MINNEAPOLIS — Around 2 p.m. local time Friday, with his right leg stretched out and swathed in ice, Braden Smith was asked yet again about the moment that had aged Purdue men’s basketball fans to a disturbing degree. Because the inquiring mind belonged to teammate Chase Martin and not a media member milling about the locker room, this version was a little more blunt and a little less sanitized.
He drove to the rim. Michigan State’s Tyson Walker swiped down hard. Walker missed the ball and hit Smith’s leg. The contact hyperextended his knee. In conclusion?
“That s— hurt,” Smith declared.
Were you in need of oxygen at the time, the Target Center was the place to be, as anyone with a passing interest in the Boilermakers ceased breathing for a while. All is well after a 67-62 win in the Big Ten tournament quarterfinals. But not before scare piled upon scare, not before an All-Big Ten bellwether hopped off the floor and crumpled to the ground, not before these poor souls in black and gold wondered what they’d done to deserve this.
Badgers in the semis.
⏰: 1 p.m. ET
📺: CBS pic.twitter.com/ahEZVi5vmo— Purdue Men’s Basketball (@BoilerBall) March 15, 2024
It might be, in some ways, helpful. Even auspicious. No one but Zach Edey shot well. The physicality was such that officials actually checked the floor for blood splatters at halftime. The 6-foot roll of barbed wire who plays point guard was in foul trouble in the first half and possibly seriously injured in the second. And Purdue found a way to avoid an upset in March. Its fans might prefer that this happens without the need for smelling salts or powerful antacids, yes. But a way was found nevertheless.
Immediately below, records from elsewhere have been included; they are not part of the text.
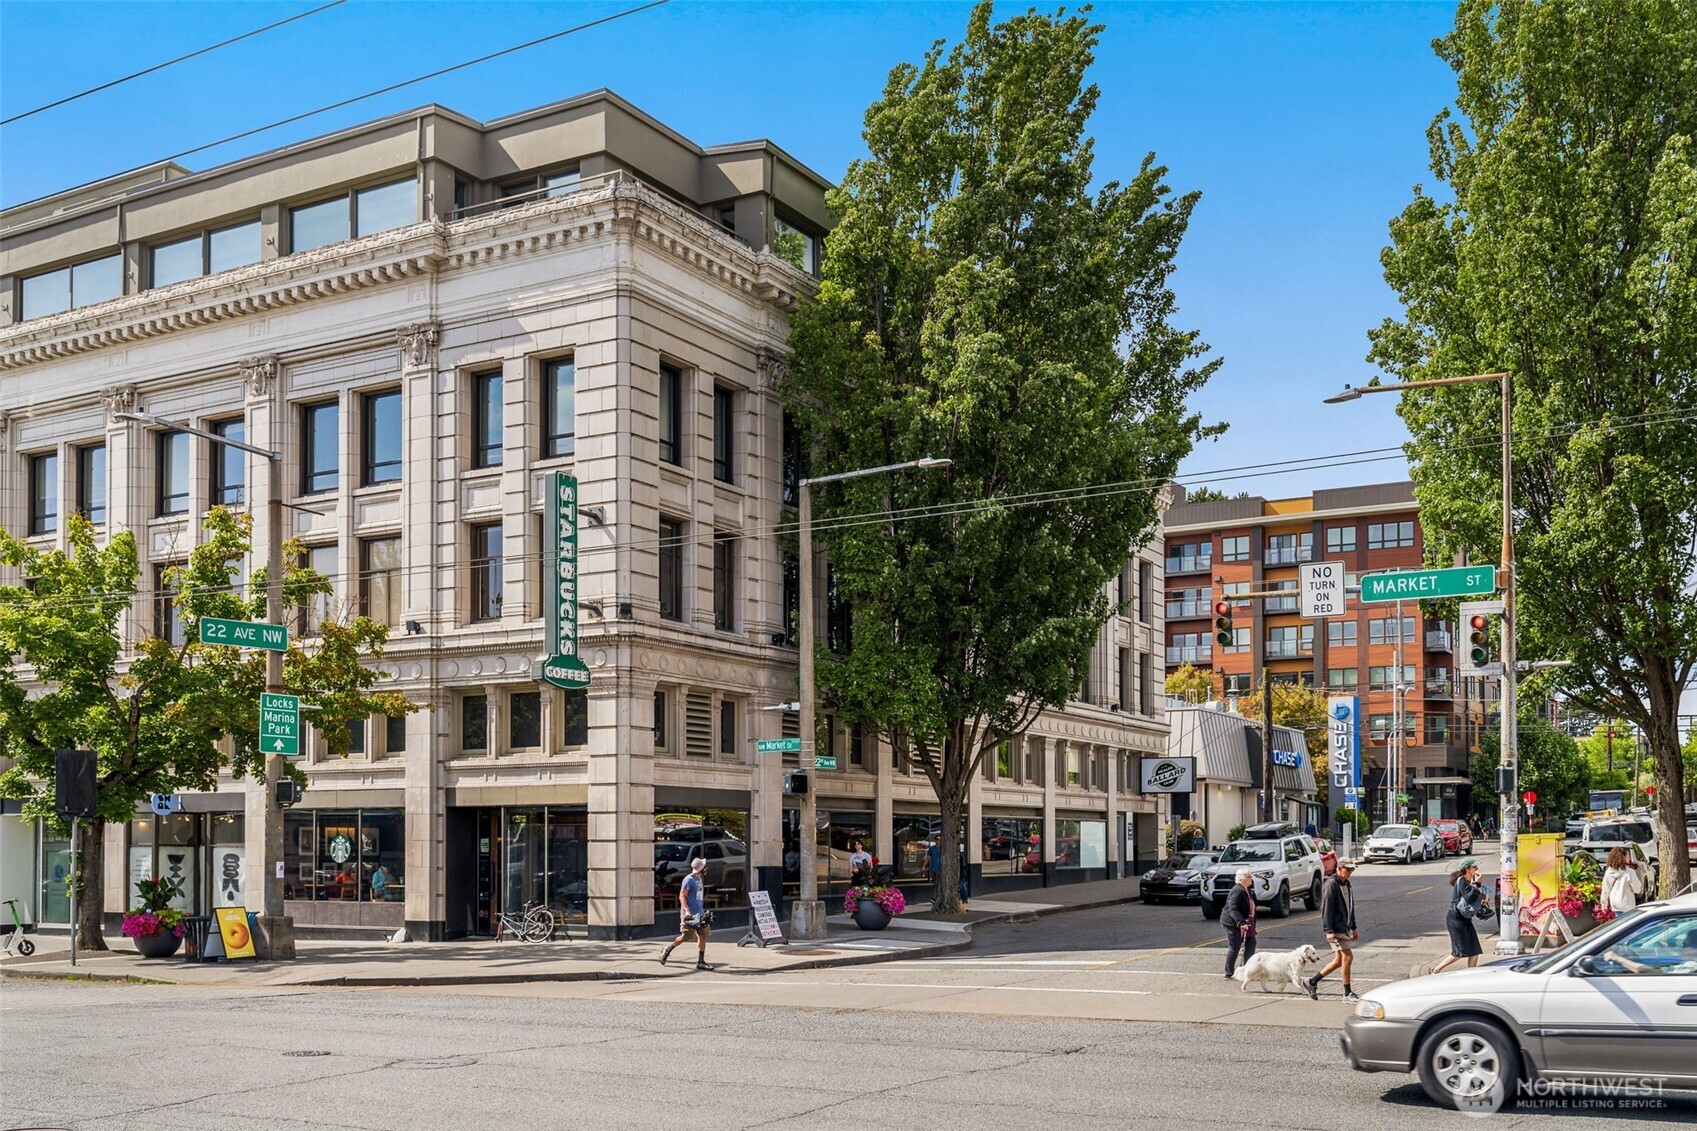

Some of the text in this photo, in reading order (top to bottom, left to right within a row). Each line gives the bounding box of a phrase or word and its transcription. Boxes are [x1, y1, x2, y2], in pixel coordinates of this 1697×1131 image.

[559, 485, 576, 655] STARBUCKS
[1312, 566, 1332, 579] NO
[1309, 580, 1336, 590] TURN
[1373, 574, 1481, 595] MARKET ST
[1316, 592, 1330, 602] ON
[1313, 604, 1333, 613] RED
[206, 623, 283, 644] 22 AVE NW
[545, 665, 589, 682] COFFEE
[266, 696, 294, 709] Locks
[264, 711, 295, 724] Marina
[268, 723, 291, 735] Park
[766, 740, 785, 750] Market
[1272, 750, 1296, 766] CHASE
[1334, 721, 1348, 787] CHASE
[1147, 767, 1186, 785] BALLARD
If the dread sight of Smith needing help to leave the floor didn’t shake Purdue, then maybe nothing truly will.
“We all have a bad taste of what happened last year, and the media keeps reminding us,” forward Mason Gillis said in the locker room afterward. “That’s constant motivation.”
No one anywhere is more valuable than Edey. A 7-foot-4 two-time Big Ten Player of the Year is a fairly large thumb on that scale. But Smith’s indispensability to this group and its cause is not up for debate, either. No one can make a realistic case for Purdue achieving NCAA Tournament deliverance without the guard whose player efficiency rating (20.1) and Win Shares total (4.8) ranked second among Boilermakers going into the postseason, who assists on 36.5 percent of his team’s buckets when he’s on the floor, whose overall year-to-year growth is a massive factor in Purdue having its highest adjusted efficiency margin (+29.58) of the KenPom era.
So when Smith tweaked that knee and hopped off the playing floor and crumpled to the ground with 12:27 to play on Friday, it was potentially cataclysmic. End-of-days stuff.
“You could’ve heard a pin drop, I think, as he was getting tended to there,” forward Ethan Morton said. “It definitely felt like longer than whatever time it was that he was in the locker room.”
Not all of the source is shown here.